Investing in Options: An Insurance Policy Against a Volatile Market

by Jason Jenkins, Investment U Research
Monday, January 23, 2012

During the current market environment a good number of investors who lost money did so because they failed to keep the profits they attained or cut their losses. What they needed were strategies that could effectively help provide a means for exiting an equity position or offsetting losses when your stock moves against you.

One technique that Investment U recommends is using a trailing stop. Trailing stops are simply a stop-loss order set a certain percentage below the value of the stock – and then adjusted as the price rises. Whenever a stock in our portfolio pulls back 25% from its closing high – or from our original entry point – we sell the stock at market. This strategy keeps us from selling our stocks while they’re in a major uptrend – and prevents small losses from becoming unacceptable losses.

But this isn’t the only strategy available to us to protect against losses in a volatile market.

A Stock Insurance Policy

If you hold a stock that might take some losses in the short term, but your heart and valuations tell you that this is something you should be long on, a protective put may also provide short-term protection against all the current volatility we’ve been facing. 

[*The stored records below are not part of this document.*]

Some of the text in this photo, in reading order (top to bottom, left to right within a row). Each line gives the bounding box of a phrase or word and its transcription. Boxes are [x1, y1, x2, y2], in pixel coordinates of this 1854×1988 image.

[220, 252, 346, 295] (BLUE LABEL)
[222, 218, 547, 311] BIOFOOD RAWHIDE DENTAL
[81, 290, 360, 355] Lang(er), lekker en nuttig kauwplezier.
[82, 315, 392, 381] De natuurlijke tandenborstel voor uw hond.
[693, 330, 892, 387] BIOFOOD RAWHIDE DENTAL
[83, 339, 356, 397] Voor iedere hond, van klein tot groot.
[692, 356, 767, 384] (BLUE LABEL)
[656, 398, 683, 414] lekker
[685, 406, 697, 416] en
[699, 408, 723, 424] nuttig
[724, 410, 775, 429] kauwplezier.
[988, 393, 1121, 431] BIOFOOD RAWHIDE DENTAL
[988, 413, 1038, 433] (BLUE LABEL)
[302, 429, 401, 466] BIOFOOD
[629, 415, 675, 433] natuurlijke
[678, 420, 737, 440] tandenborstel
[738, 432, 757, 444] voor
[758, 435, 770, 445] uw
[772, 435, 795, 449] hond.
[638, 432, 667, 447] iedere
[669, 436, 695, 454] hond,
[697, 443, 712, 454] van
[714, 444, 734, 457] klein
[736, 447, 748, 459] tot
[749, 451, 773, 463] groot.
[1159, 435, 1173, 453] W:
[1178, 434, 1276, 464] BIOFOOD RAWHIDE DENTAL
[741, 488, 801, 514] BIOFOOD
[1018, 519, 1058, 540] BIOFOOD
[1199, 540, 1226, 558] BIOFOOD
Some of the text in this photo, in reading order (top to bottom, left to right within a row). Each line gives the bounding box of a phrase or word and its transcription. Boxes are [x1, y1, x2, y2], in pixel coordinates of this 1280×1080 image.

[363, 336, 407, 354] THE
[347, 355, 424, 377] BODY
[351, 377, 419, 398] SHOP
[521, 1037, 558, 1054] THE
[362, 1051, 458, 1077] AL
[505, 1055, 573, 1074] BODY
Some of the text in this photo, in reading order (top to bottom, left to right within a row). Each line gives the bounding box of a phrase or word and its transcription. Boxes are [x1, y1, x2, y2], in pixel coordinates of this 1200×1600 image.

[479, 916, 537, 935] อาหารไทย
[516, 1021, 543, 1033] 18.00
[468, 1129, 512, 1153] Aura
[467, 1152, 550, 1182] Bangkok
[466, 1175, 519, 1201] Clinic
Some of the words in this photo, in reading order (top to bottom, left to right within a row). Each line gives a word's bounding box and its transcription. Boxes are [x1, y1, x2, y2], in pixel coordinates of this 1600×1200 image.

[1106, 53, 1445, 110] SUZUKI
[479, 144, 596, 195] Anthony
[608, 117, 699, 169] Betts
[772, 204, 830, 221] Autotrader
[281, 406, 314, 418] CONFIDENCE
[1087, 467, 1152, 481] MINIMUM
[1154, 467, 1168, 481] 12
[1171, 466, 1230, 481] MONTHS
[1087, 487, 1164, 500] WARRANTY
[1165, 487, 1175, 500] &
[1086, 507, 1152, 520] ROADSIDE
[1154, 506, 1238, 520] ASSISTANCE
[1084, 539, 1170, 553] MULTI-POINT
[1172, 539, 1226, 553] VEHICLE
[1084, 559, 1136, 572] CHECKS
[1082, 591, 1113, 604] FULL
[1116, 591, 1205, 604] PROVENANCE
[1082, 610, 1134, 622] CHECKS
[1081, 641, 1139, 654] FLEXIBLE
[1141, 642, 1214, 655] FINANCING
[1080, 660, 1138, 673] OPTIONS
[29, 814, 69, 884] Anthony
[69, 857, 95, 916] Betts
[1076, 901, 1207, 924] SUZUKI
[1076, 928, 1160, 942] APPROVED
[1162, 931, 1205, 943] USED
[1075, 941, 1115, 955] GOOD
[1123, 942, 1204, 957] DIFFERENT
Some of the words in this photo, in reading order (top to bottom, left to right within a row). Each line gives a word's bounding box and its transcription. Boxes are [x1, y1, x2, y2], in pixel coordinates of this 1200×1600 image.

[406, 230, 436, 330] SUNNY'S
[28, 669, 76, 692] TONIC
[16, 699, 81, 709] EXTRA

A put option gives its owner the right, but not the obligation, to sell 100 shares (options work in lots of 100) of the underlying asset (in this case, shares of stock) at a definite price known as the strike price until a specified expiration date. No matter how low the stock price falls, you still can sell the stock for the strike price until the option expires.

When an investor also owns the common stock and a put option on that same stock, the position has limited downside risk during the life of the put.

Here’s an example:

Assume you own 1,000 shares of stock ABC worth about $72,000. If you do nothing and the stock suddenly drops to $50 a share, you could lose $22,000.

To help reduce this risk, you can buy “insurance” on your stock. If you decided to buy 10 put options with a strike price of $70, at a price of $2 (total cost $2,000), you could exercise your puts at any time prior to the expiration and sell your stock at $70, 20 points above the current market price, or sell the puts themselves to offset most of the loss on your stock.

If you chose to sell your stock at $70 by exercising your puts, the premium you paid for your put options ($2,000) would be your “insurance premium,” and the 2 points you would lose on your stock (because you paid $72 for it, and only sold it for $70) would be your “deductible.” Overall, your loss would be about $4,000 to $2,000 on the stock and $2,000 in premium (the amount you paid for the puts).

If your stock stayed above $70 by the expiration date, your puts would expire worthless, and the $2,000 you paid for the puts would be lost – just like the insurance premium you paid on your car if you didn’t have any accidents.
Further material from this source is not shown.